Shaken, I retrieve my book from where it fell. It's been a while since I've done something as stupid as follow something like Zenith into his dreamtime, rooftop world.
I wish to be alone.
Shaper of Illusions, Shaper of Realities
"I am not Una."
The sensuous mouth beneath the mirrored lenses quirks, "You would be if you let me. I am me, and he is me, and I am him, as you say, "firing on all four cylinders". Perhaps," and Zenith laughs silently, pale head thrown back, a flash of pristine teeth, "I am biology."
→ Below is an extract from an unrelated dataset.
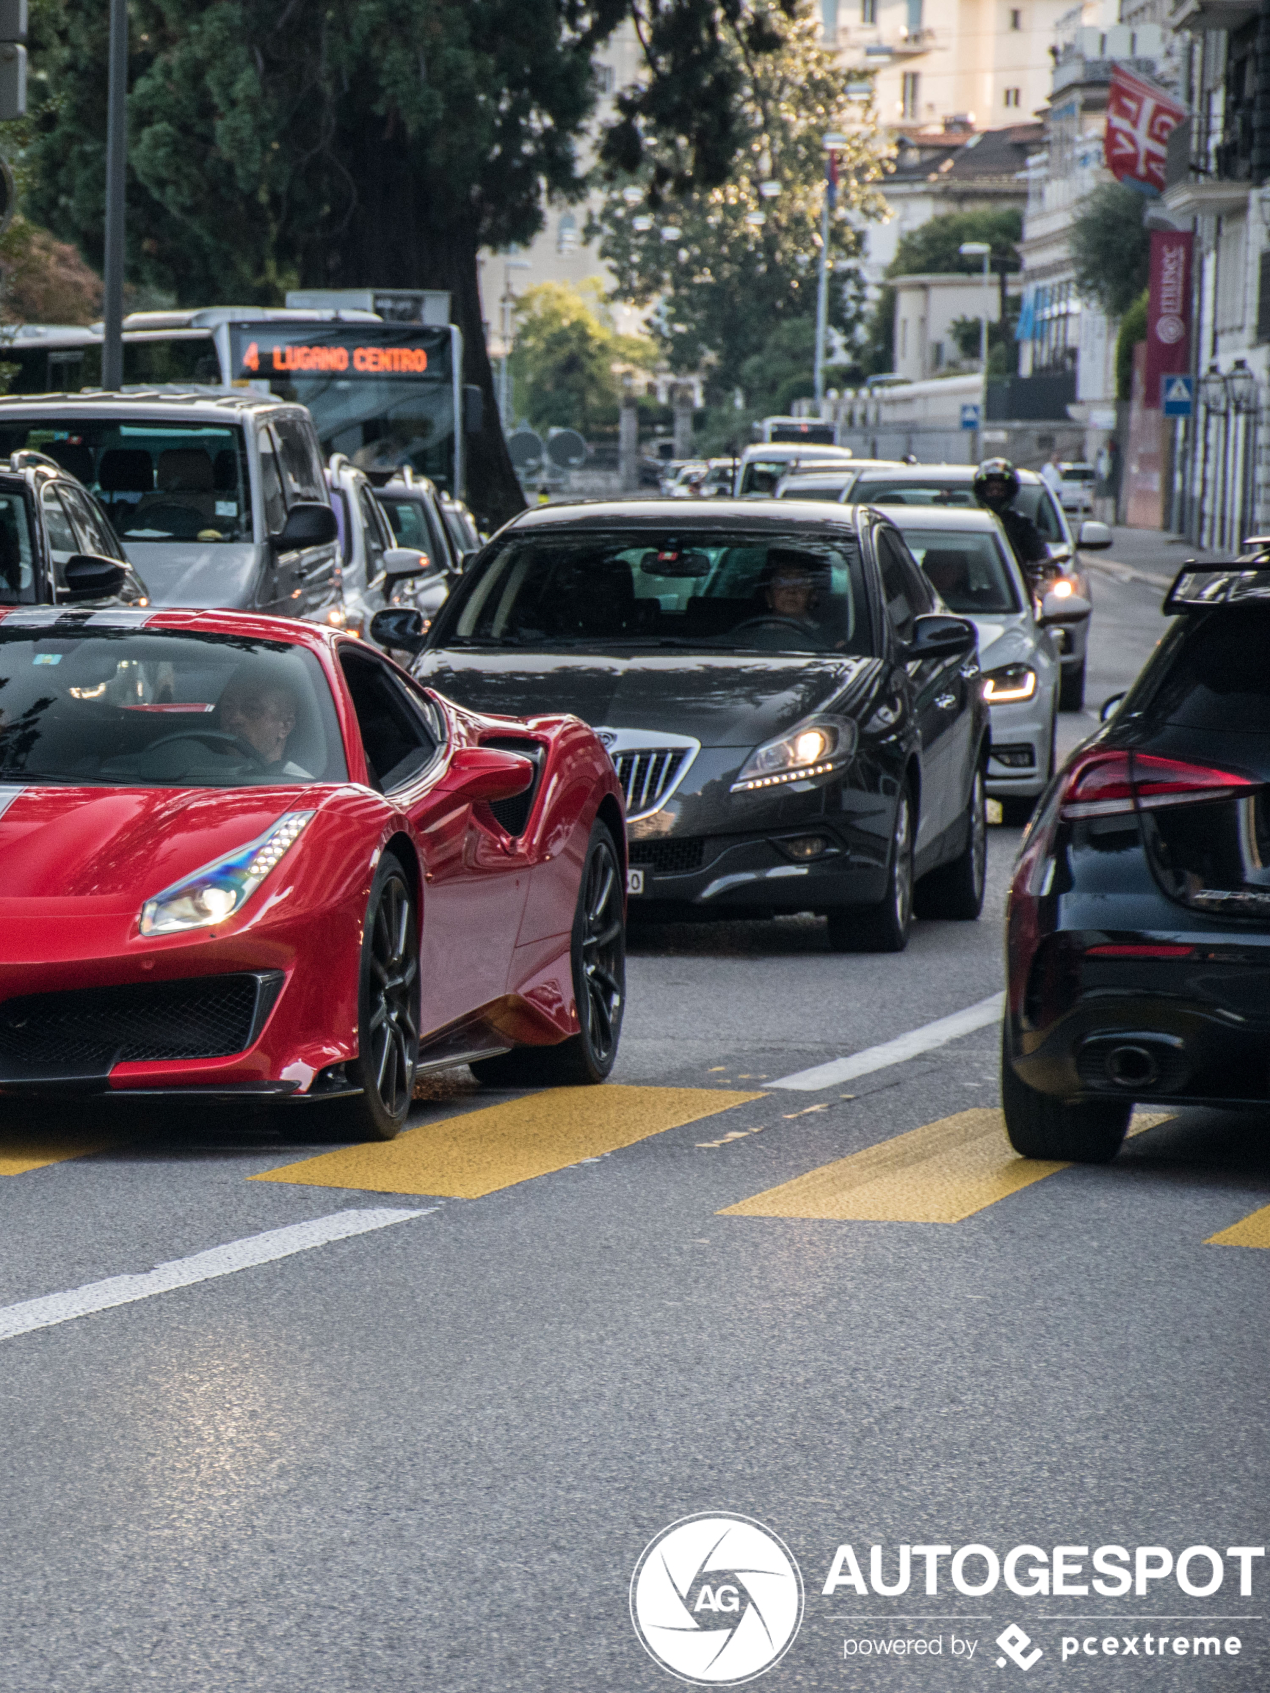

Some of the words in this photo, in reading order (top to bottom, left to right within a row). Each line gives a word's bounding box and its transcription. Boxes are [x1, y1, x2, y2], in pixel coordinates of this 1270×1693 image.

[243, 342, 260, 371] 4
[272, 346, 350, 372] LUGANO
[352, 347, 428, 373] CENTRO
Easing into an almost imperceptible stretch, Zenith gives me a long, indolent look of restless silver appraisal, adding in a murmur only I can hear, "There is a place in this city with but one table, where the chef prepares but one meal for that table, pleasing himself for that table and that table alone. As with biology, fate, should you dislike his offering, it is your tragedy, not his. Will you be my guest?"
I shake my head, no. Zenith almost seems disappointed, but not really.
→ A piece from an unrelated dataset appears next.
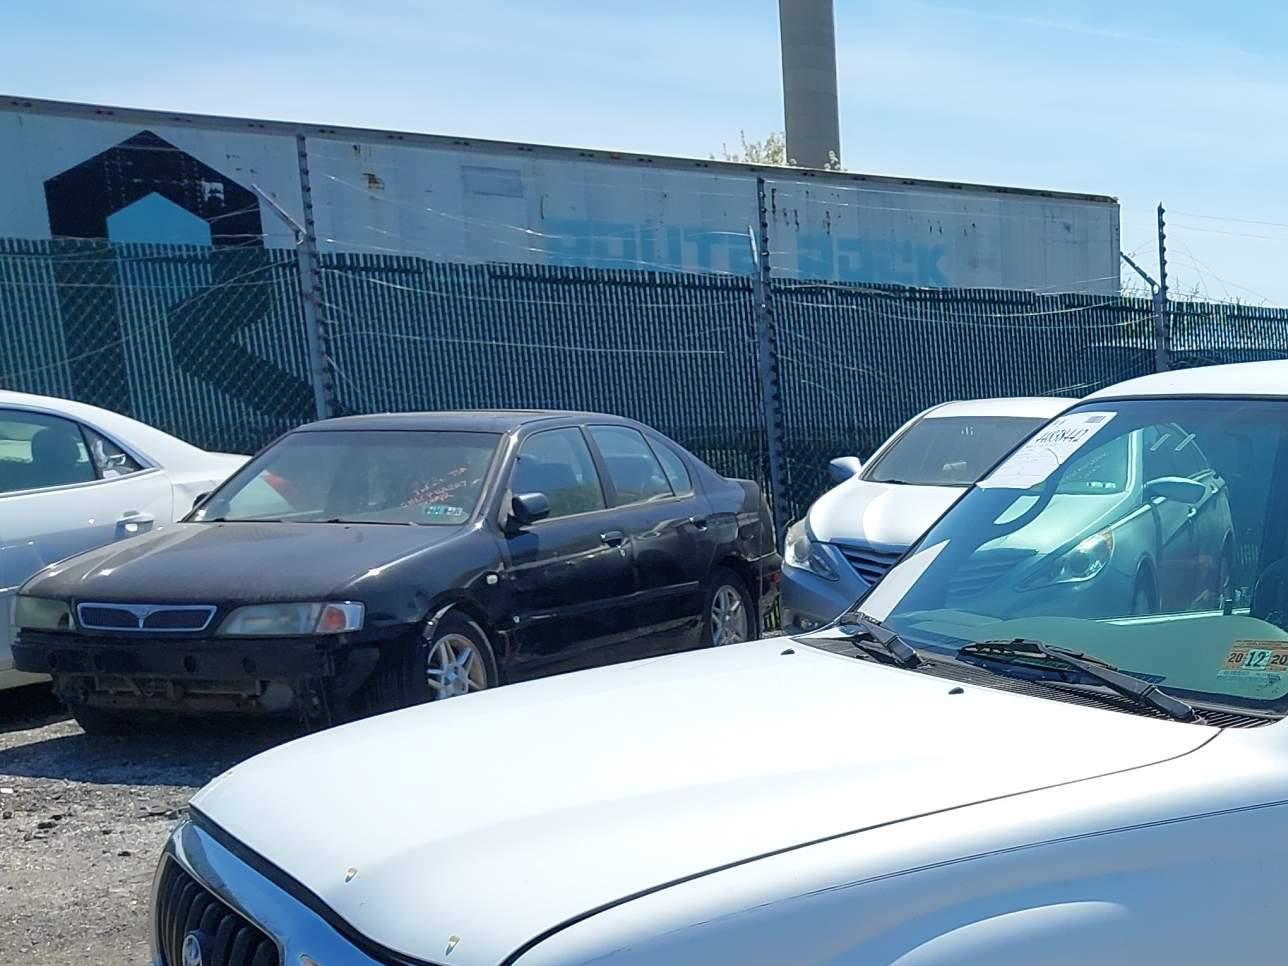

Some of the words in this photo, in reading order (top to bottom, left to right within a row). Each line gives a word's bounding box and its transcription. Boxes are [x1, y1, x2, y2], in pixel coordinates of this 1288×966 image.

[1227, 652, 1244, 663] 20
[1245, 651, 1266, 668] 12
[1270, 654, 1288, 665] 20
He always wins in the end.
Dice
Biology inexorably weaving all around us, we read his story, leaning against each other, a short, dumpy woman on the downhill slope of a mostly wasted life, an old friendship, borrowed. He, unconsciously cool, so much dwindling sand spilling downward between us. Wine tourists see only a middle-aged woman in a heavy metal band shirt, Doc Martins, a bad haircut, and woodshop roughened hands.
I should be wearing a gaudy tunic, candy-colored Crocs, and boutique leggings, my nails manicured, my tips, frosted, reading Eat, Pray, Love upon this bench, the remains of a distant storm drifting broken overhead.
But I am not.
I have few friends. Instead, I know people.
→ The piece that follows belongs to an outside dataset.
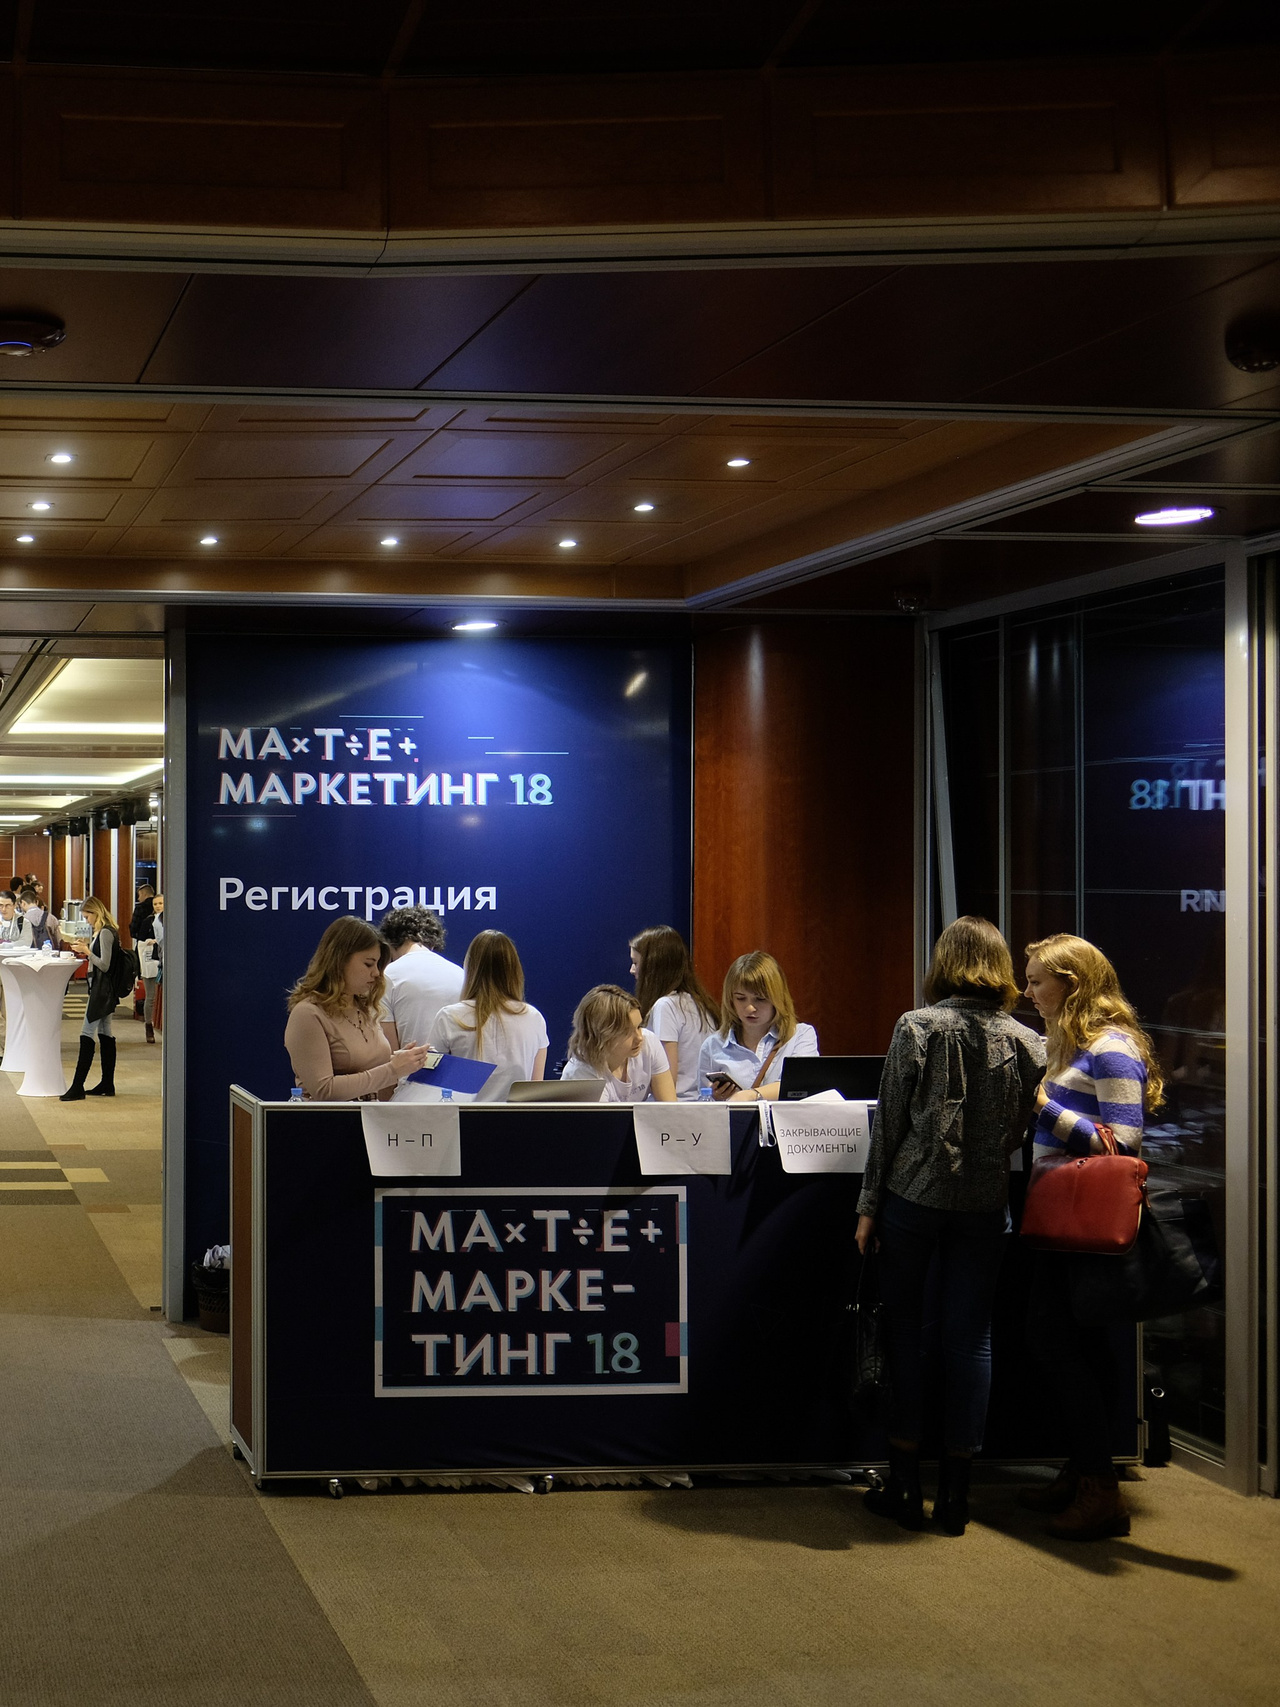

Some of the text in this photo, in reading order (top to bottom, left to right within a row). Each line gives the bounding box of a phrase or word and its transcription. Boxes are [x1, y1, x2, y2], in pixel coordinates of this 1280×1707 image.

Zenith, the albino, for all his lives, is a near stranger, almost but not quite a friend.
Or am I simply talking to myself?
I read. Therefore I am.
Talking to myself. (Even as I am talking to you.)
In Casual Invitation
Shared coffee finished, book in my bag, Zenith rides off on a huge black motorcycle among the Hummers, Teslas, and BMWs of the wine tourists, guitar case jutting from the snarling bike within easy reach.
It is also a sword.
I later see him weaving in and out of twilight rush-hour traffic, white hair a banner in the red taillights, duster billowing blackly behind, a flash of crimson. Our eyes meet briefly in my rear-view mirror, his sleek leather gloved hand out in casual invitation as he roars past, Elric's question between us.
I look the other way.
Reading in the Dark
This morning Elric lurks behind my furnace, sharing space with the resident velociraptor.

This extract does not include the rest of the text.